Reproduce the records that follow exactly; any picture among them stays out.

Text-to-region grounding data

□ □ □ □ □

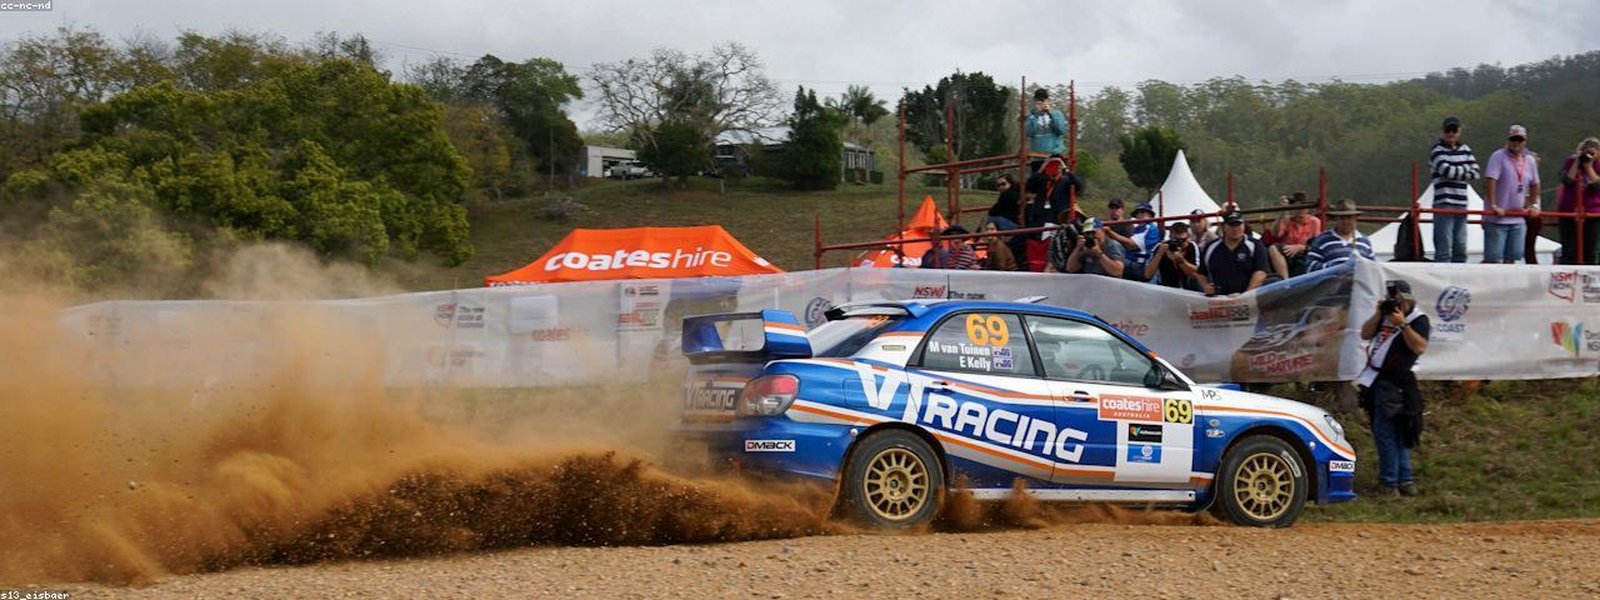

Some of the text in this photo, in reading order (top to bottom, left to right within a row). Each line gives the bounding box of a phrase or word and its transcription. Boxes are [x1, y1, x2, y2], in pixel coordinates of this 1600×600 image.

[965, 313, 1009, 346] 69
[929, 341, 939, 352] M
[941, 343, 958, 353] van
[960, 356, 991, 372] E Kelly
[1164, 399, 1193, 424] 69

□ □ □ □ □

• Answer to the exercise
Some of the text in this photo, in reading order (top to bottom, left to right within a row). Each line gives the bounding box of a phrase or word and its transcription. Boxes are [x1, y1, x2, y2], in pixel coordinates of this 1600×600 image.

[965, 313, 1009, 346] 69
[929, 341, 939, 352] M
[941, 343, 958, 353] van
[960, 356, 991, 372] E Kelly
[1164, 399, 1193, 424] 69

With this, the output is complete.